OAKLAND, Calif. (KGO) -- California Gov. Gavin Newsom announced Friday the installation of 480 "high-tech" surveillance cameras in Oakland and other East Bay communities as part of the state's effort to help combat crime in the region.

"(This) will aid and support the efforts of law enforcement to focus on stolen vehicles. This is proven technology," said Newsom in a video posted to X, formerly Twitter.

Newsom said the CHP is contracting with a private security company, Flock Safety, to place 290 cameras on Oakland streets and 190 on some unspecified East Bay freeways.

"This investment marks another step forward in our commitment to bolstering public safety and tackling organized crime and roadway violence in Oakland and across California," said Newsom.

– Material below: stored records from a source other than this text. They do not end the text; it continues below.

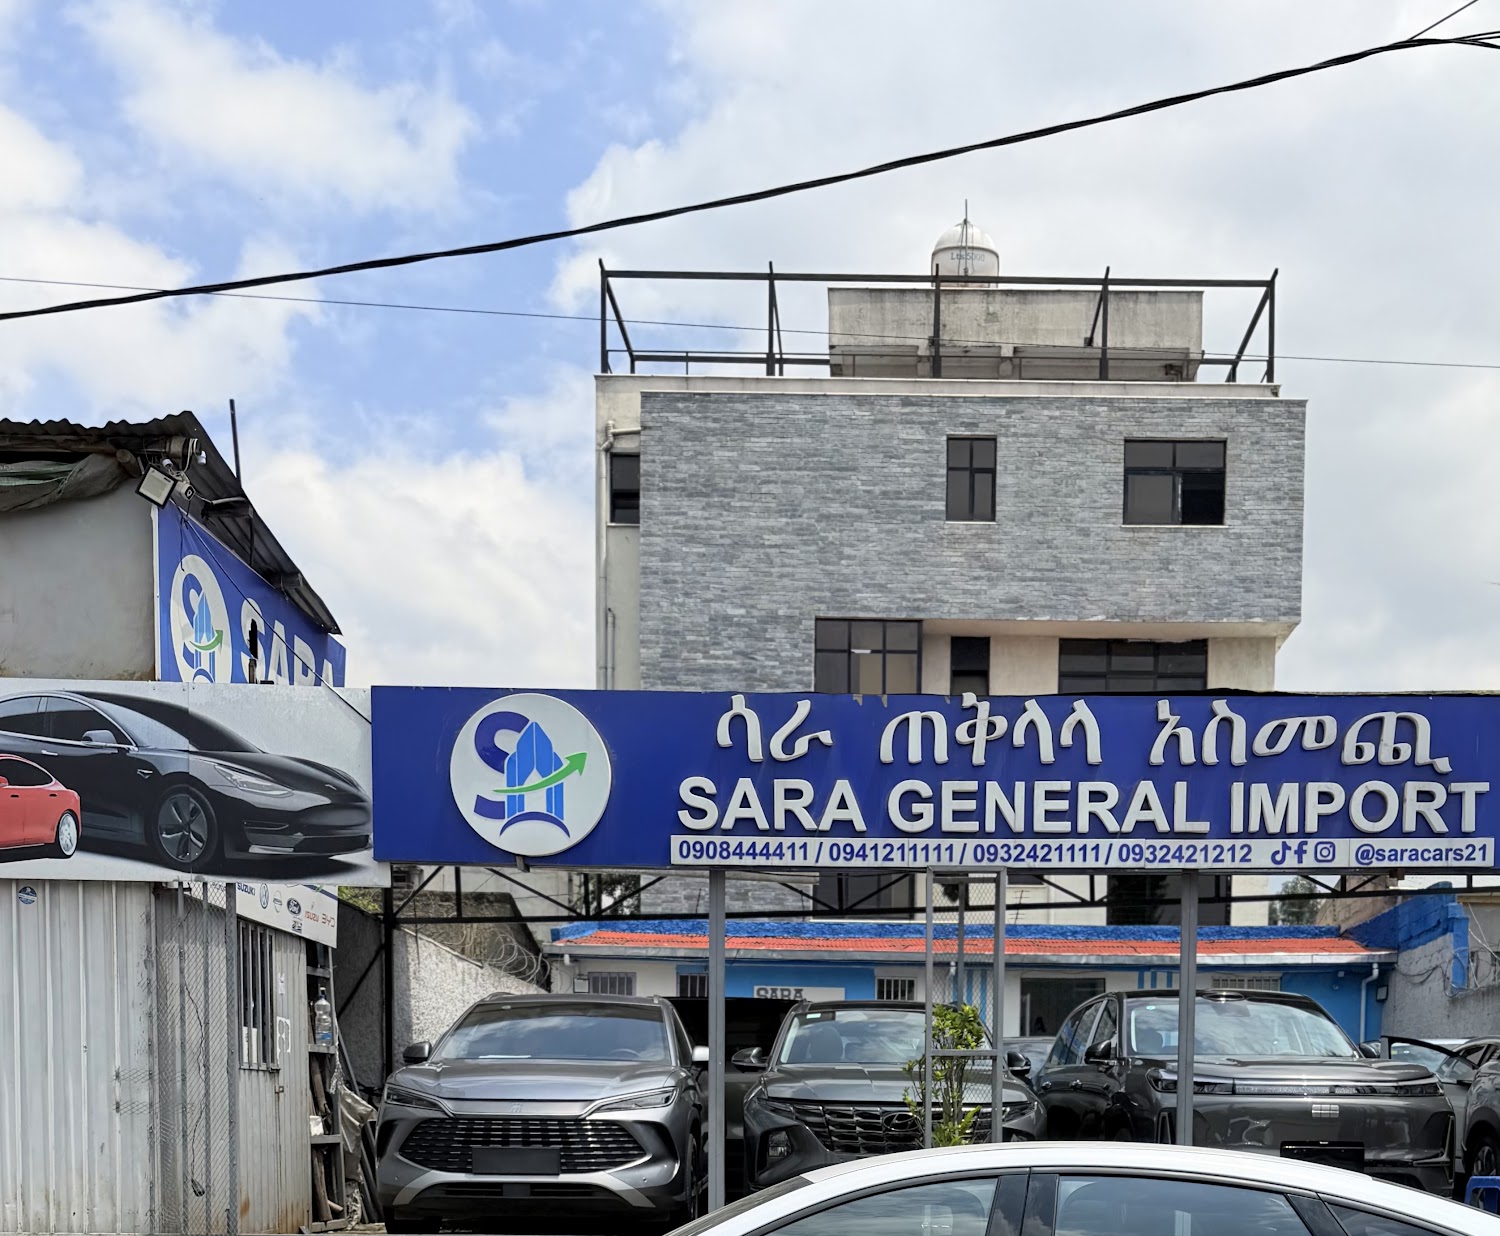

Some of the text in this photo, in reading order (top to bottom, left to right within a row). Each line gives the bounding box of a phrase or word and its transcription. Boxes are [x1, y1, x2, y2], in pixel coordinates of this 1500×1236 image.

[716, 692, 1453, 775] ሳራ ጠቅላላ አስመጪ
[677, 776, 1491, 835] SARA GENERAL IMPORT
[679, 840, 809, 861] 0908444411
[829, 842, 954, 862] 0941211111
[973, 842, 1100, 863] 0932421111
[1118, 843, 1253, 864] 0932421212
[1355, 843, 1487, 866] @saracars21
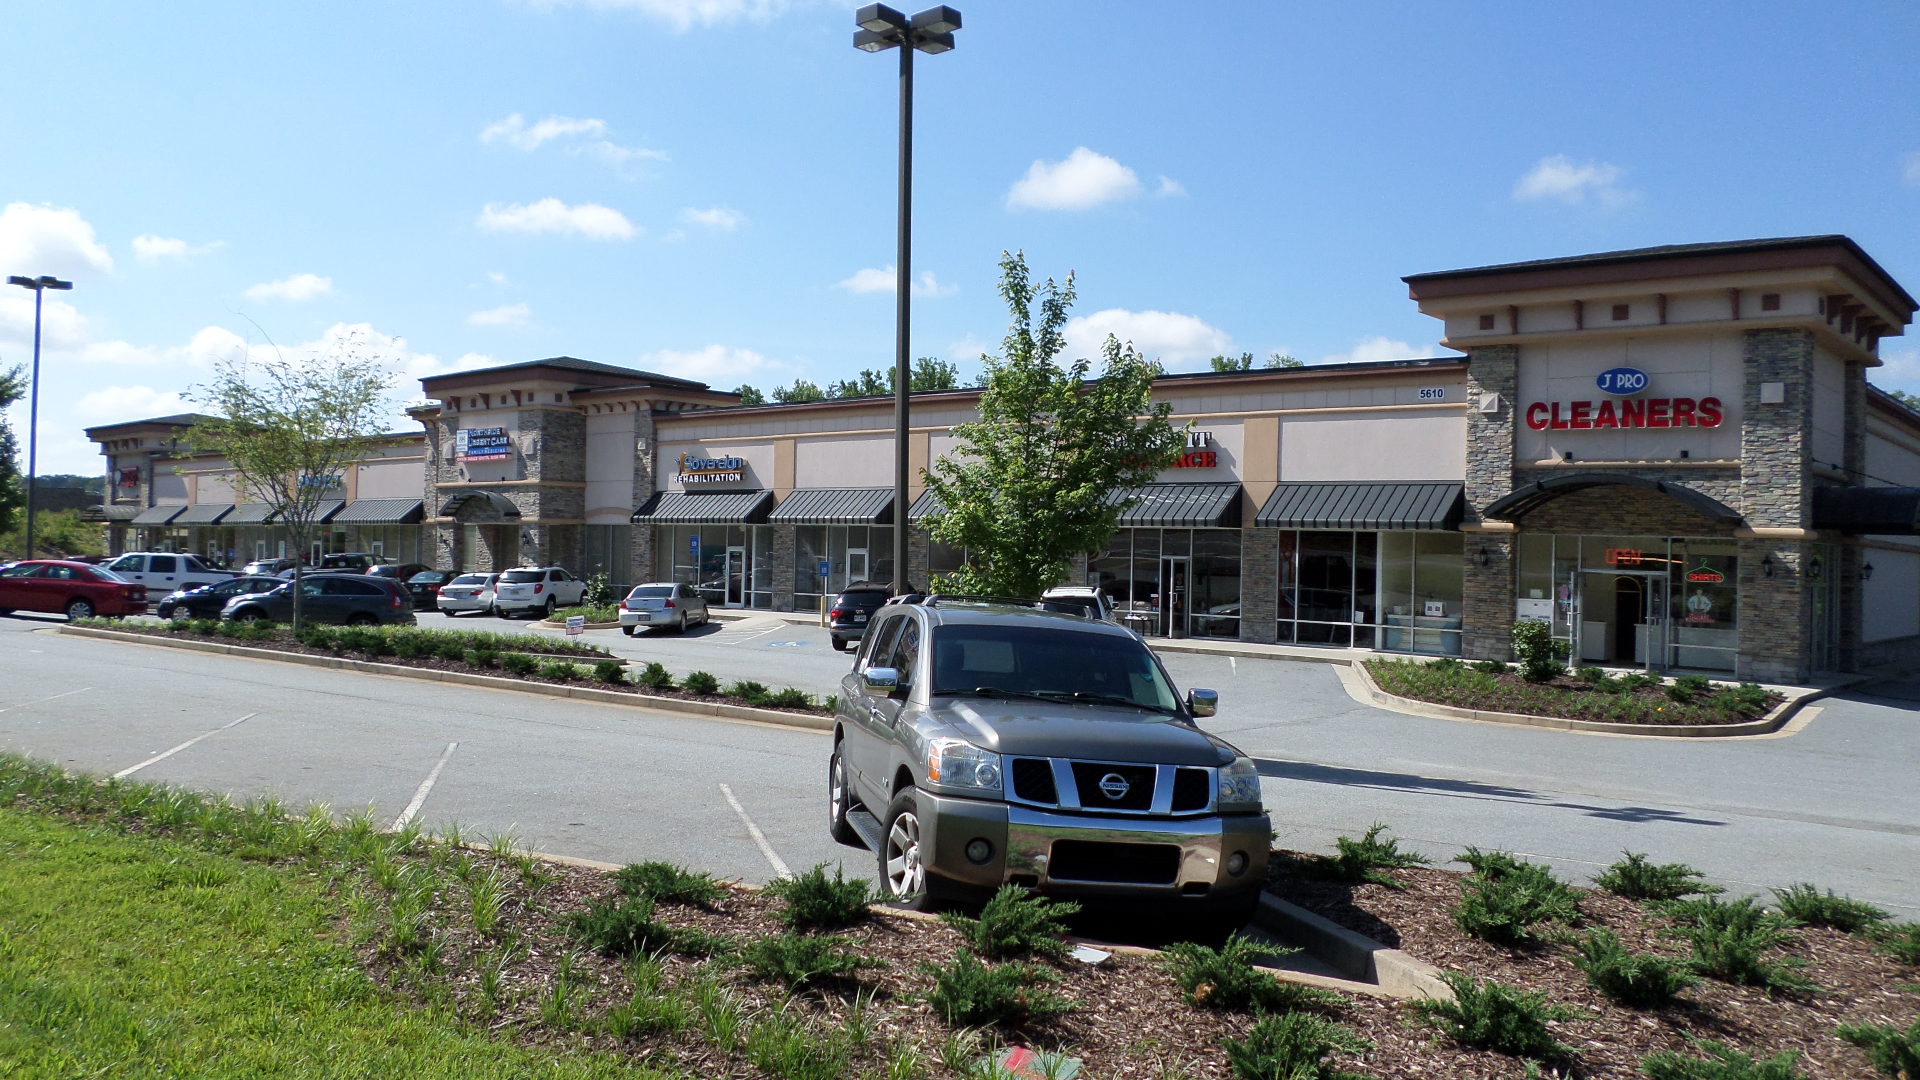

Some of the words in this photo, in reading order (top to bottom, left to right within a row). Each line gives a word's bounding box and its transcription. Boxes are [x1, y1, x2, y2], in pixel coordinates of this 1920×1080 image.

[1600, 373, 1612, 388] J
[1617, 373, 1644, 388] PRO
[1420, 388, 1444, 398] 5610
[1526, 397, 1723, 431] CLEANERS
[491, 436, 508, 446] CARE
[684, 455, 743, 470] Sovereign
[674, 473, 741, 483] REHABILITATION
[1605, 548, 1641, 565] OPEN
[1688, 573, 1722, 582] SHIRTS

The new cameras will allow investigators to identify vehicles by searching for "crime-linked vehicles by vehicle type, make, color, license plate state, missing/covered plates, and other unique features (e.g., bumper stickers, decals, and roof racks)," according to the governor's office.

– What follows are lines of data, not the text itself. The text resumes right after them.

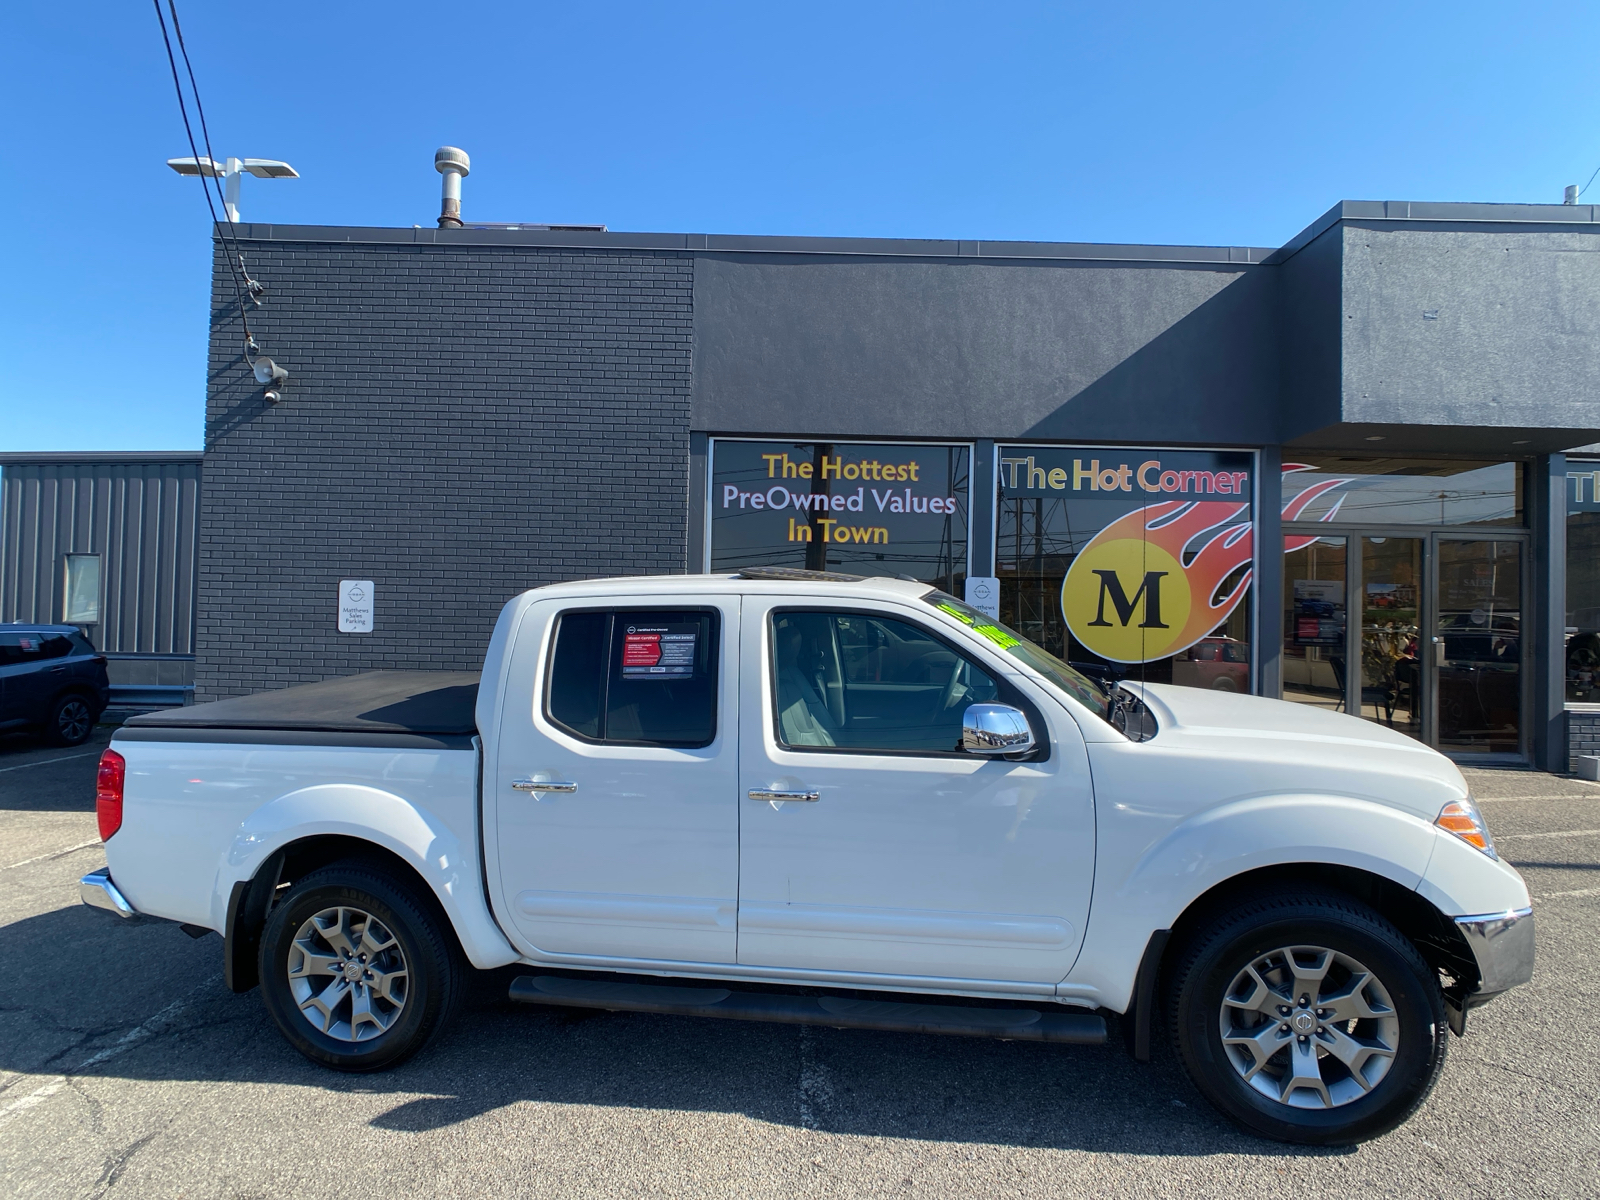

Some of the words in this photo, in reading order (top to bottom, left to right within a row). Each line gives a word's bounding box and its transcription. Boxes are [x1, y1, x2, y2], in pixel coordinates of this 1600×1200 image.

[762, 453, 814, 480] The
[821, 455, 919, 482] Hottest
[1001, 456, 1067, 489] The
[1073, 459, 1132, 492] Hot
[1137, 460, 1248, 494] Corner
[723, 485, 864, 512] PreOwned
[871, 488, 956, 515] Values
[788, 517, 812, 543] In
[817, 518, 889, 544] Town
[1087, 569, 1170, 629] M

The camera system also features real-time alerts that will tell law enforcement agencies when it has identified a suspected or wanted vehicle.

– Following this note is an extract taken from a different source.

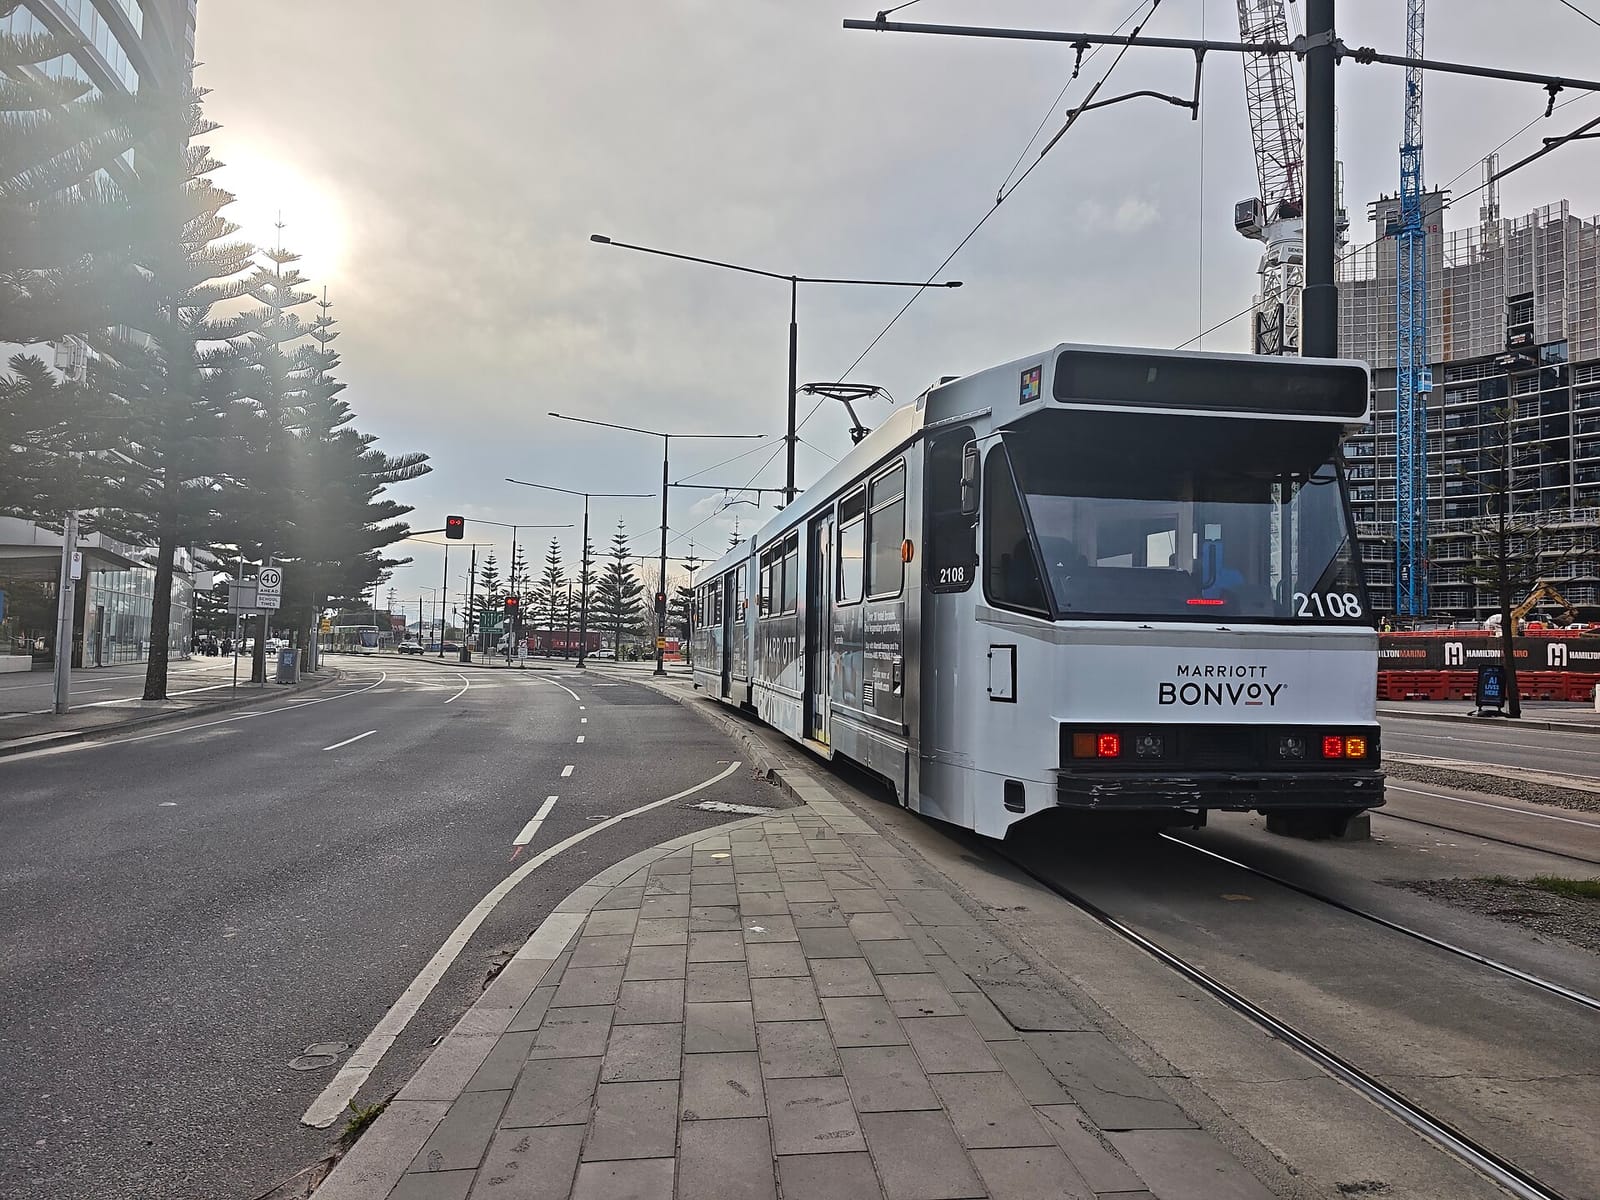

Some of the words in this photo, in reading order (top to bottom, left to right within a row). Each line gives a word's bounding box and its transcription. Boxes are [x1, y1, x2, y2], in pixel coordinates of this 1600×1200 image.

MORE: Gov. Newsom deploying 120 more CHP officers to Oakland in effort to crack down on crime

"More and more cities are seeing that crime is one of those problems that is incredibly hard to solve. And what they are missing is evidence," says Josh Thomas, senior vice president of Policy and Communications at Flock Safety.

Thomas says, on average, each camera costs about $3,500 to operate annually. He adds that they will likely be installed by this summer.

Oakland Mayor Sheng Thao said she welcomes the new cameras.

"This new camera network will help us stop crime and hold more suspects accountable," Thao said. "On behalf of all Oaklanders, I want to thank the governor and the California Highway Patrol for their ongoing commitment and investments in the city."

"The nice part about it is, in the City of Hercules, you come into the city, and as you go out, your license plate is being read," said Mayor Dan Romero.

MORE: To catch a speeder: 33 new speed cameras to be installed in SF

Romero says his city has been using Flock license plate readers for more than five years, adding that it has proven to be an effective law enforcement tool.

"We are looking for, basically, felons. We are not looking for outdated registration. Another agency might be looking for outstanding warrant or bail. Or they never showed up to court. And so, those are the tools we are using right now," Romero said.

But these new cameras are raising privacy concerns.

Thomas says state law provide safeguards against how the data is used.

MORE: License plate reading cameras will soon come to more areas of Santa Clara Co. after supervisors vote

"This is not data that is being collected into a big database at some point. It is permanently deleted every 30 days on a rolling basis. There are no biometrics. Moreover, there is no biometric -- no personal identifiable information that's identifiable in the system. We do not have facial recognition technology," Thomas said.

In addition, Thomas says Flock created a transparency portal, where residents can look up what type of data is being collected.

Still, not everyone is thrilled by this latest effort to fight crime in the city of Oakland, however.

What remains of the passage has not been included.